The cytosolic isocitrate dehydrogenases (NADP-IDH) were purified to homogeneity from pea roots and green leaves with a high yield by ammonium sulfate precipitation, DEAE-cellulose chromatography, Sephacryl S-200 gel filtration, Matrex red-A affinity chromatography and phenyl-Superose HR 5/5 HPLC. Both isoenzymes were dimeric proteins, consisting of two apparently identical 41-kDa subunits, having similar secondary structures with an alpha-helical content of 20% and a beta-pleated sheet content of 43%. Similarly immunoassays suggested that the two isoenzymes were closely related in terms of antigenic determinants. However, the two proteins were distinguishable by their electrophoretic mobilities and amino acid compositions. The profiles of the two isoenzymes as a function of pH were similar and exhibited a broad pH optimum from 8.5 to 9.0 with Mg2+ as cofactor and 8.0 to 8.5 when Mn2+ was used. Compared to the root isoenzyme, the leaf NADP-IDH appeared to be more heat-labile. However, these isoenzymes exhibited similar behavior for thermal denaturation in the presence of bovine serum albumin and were stabilized upon addition of substrate, metal and coenzyme.

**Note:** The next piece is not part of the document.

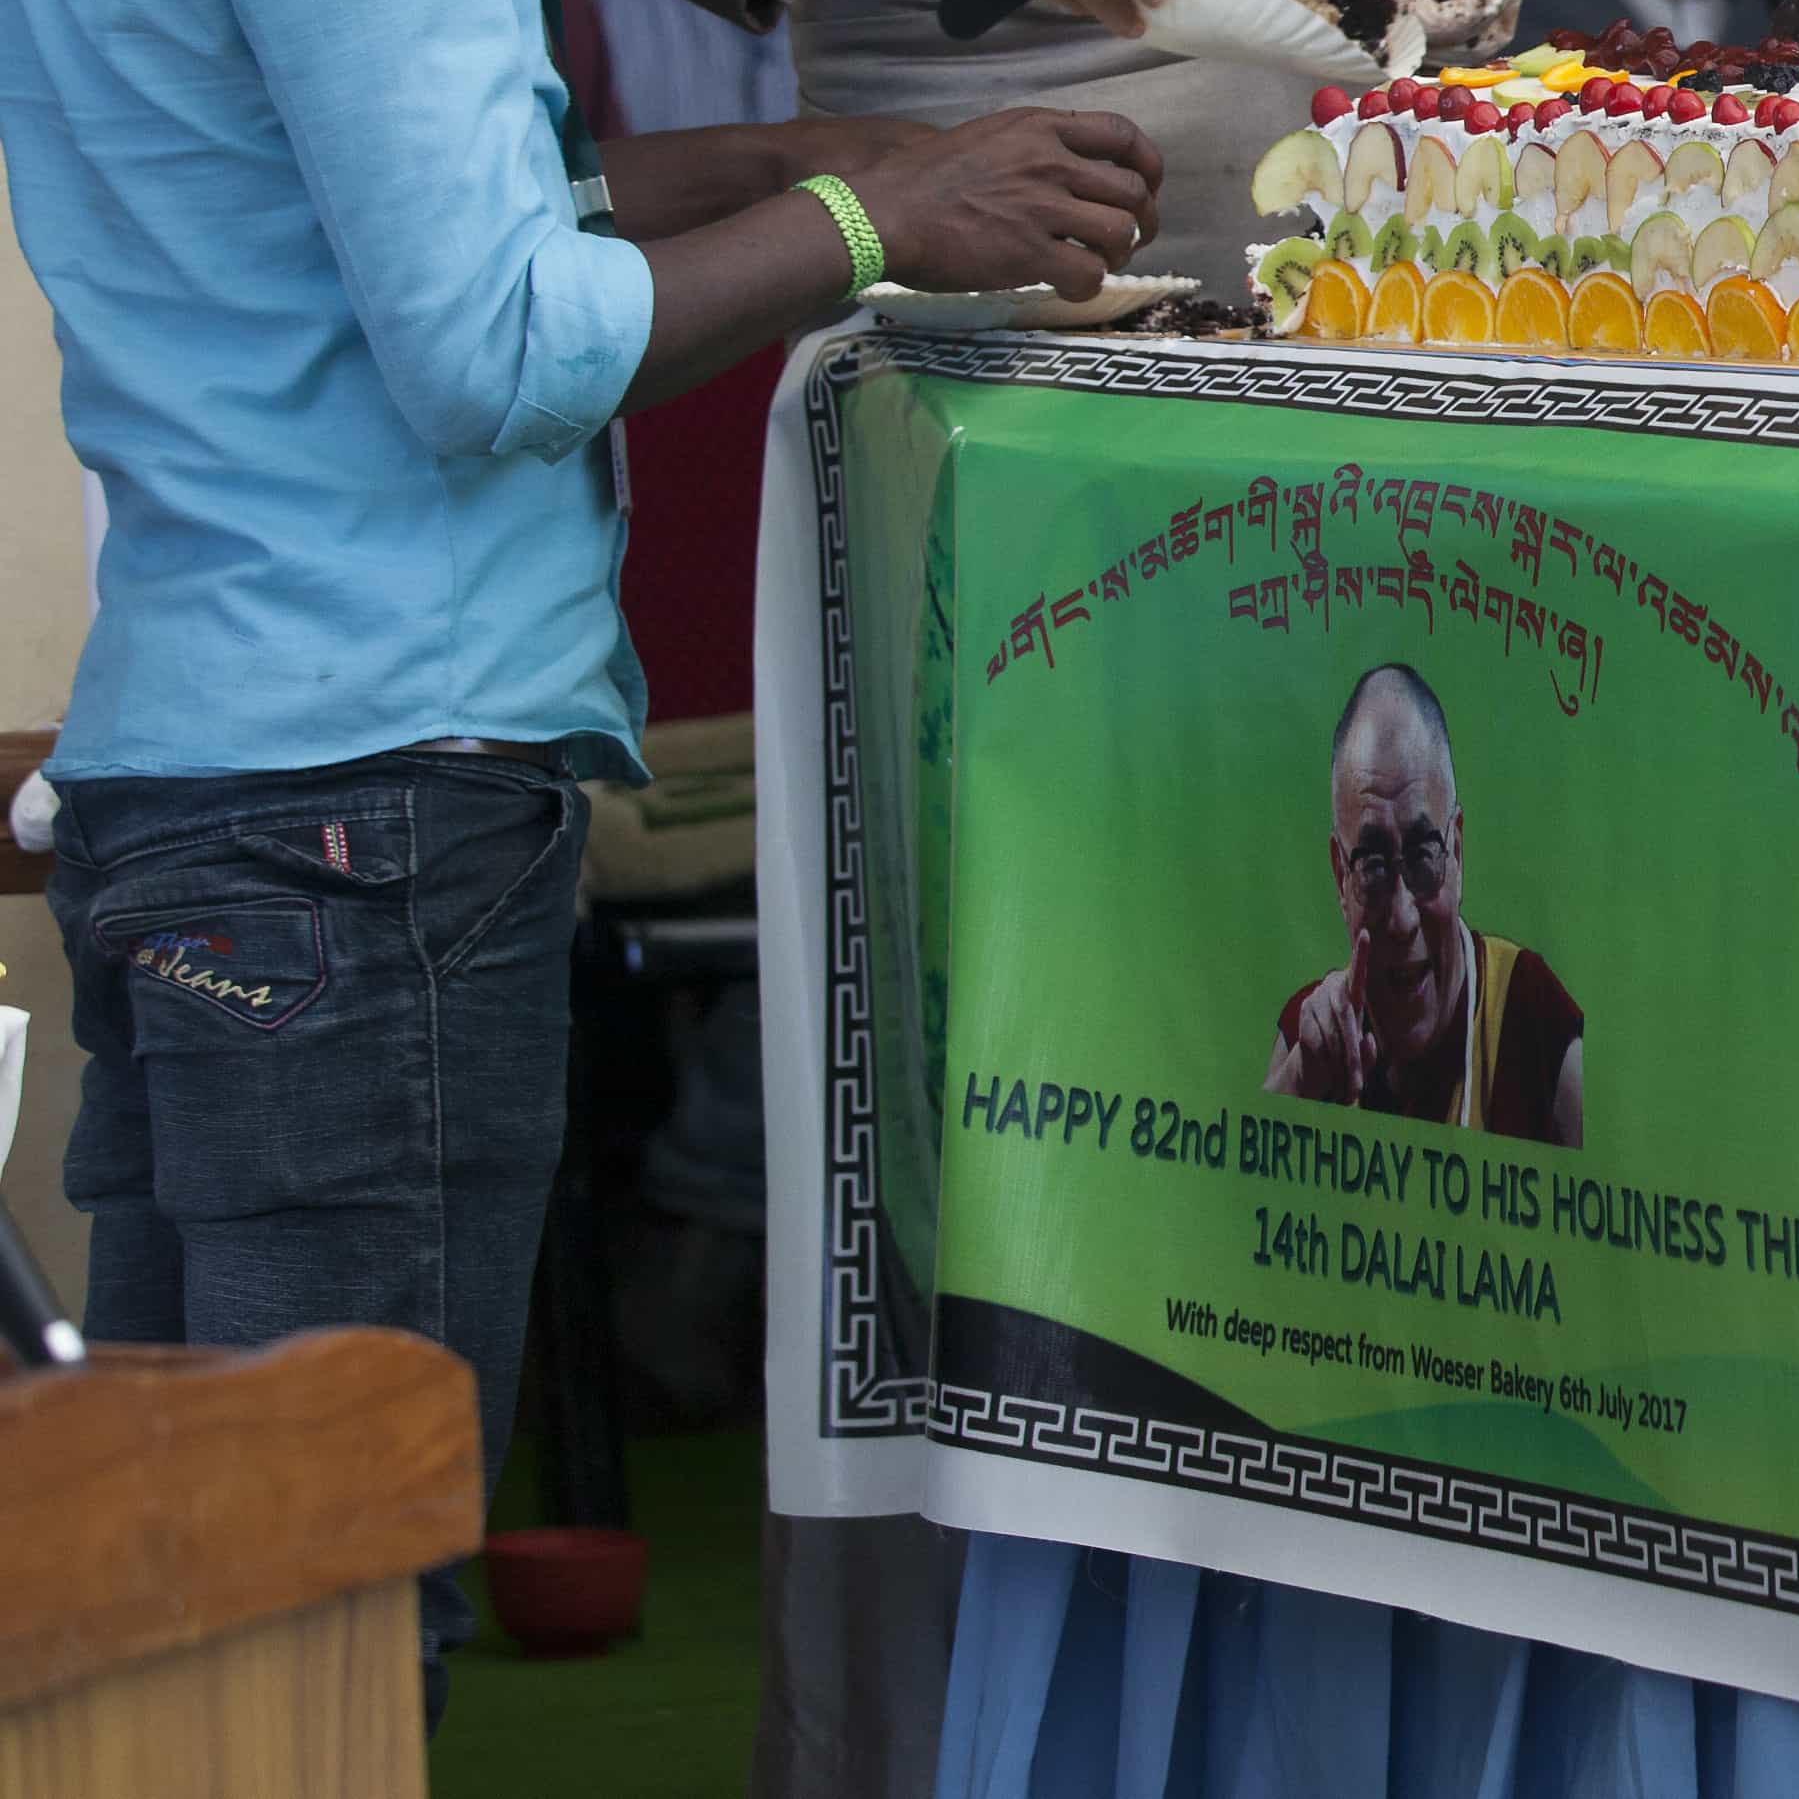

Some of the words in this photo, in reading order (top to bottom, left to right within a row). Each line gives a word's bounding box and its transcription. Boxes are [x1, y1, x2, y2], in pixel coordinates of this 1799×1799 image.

Their values of activation energy were estimated as 47 kJ/mol. When using Mn2+ as cofactor, the two isoenzymes displayed identical Km(Mn2+), Km(DL-isocitrate) and Km(NADP) values, which were calculated to be 2.1 microM, 5.7 microM and 2.7 microM respectively. With Mg2+ as cofactor, their Km(Mg2+) K(DL-isocitrate)m and Km(NADP) values were also not statistically different, being 34.0 microM, 15.2 microM and 2.6 microM for the root NADP-IDH, and 29.0 microM, 20.3 microM and 3.1 microM for the leaf isoenzyme. From the above data it can be concluded that although the cytosolic NADP-IDH in pea roots and leaves are organ-specific isozymes, their similar physicochemical and kinetic properties suggest that the two isozymes might be involved in identical metabolic functions.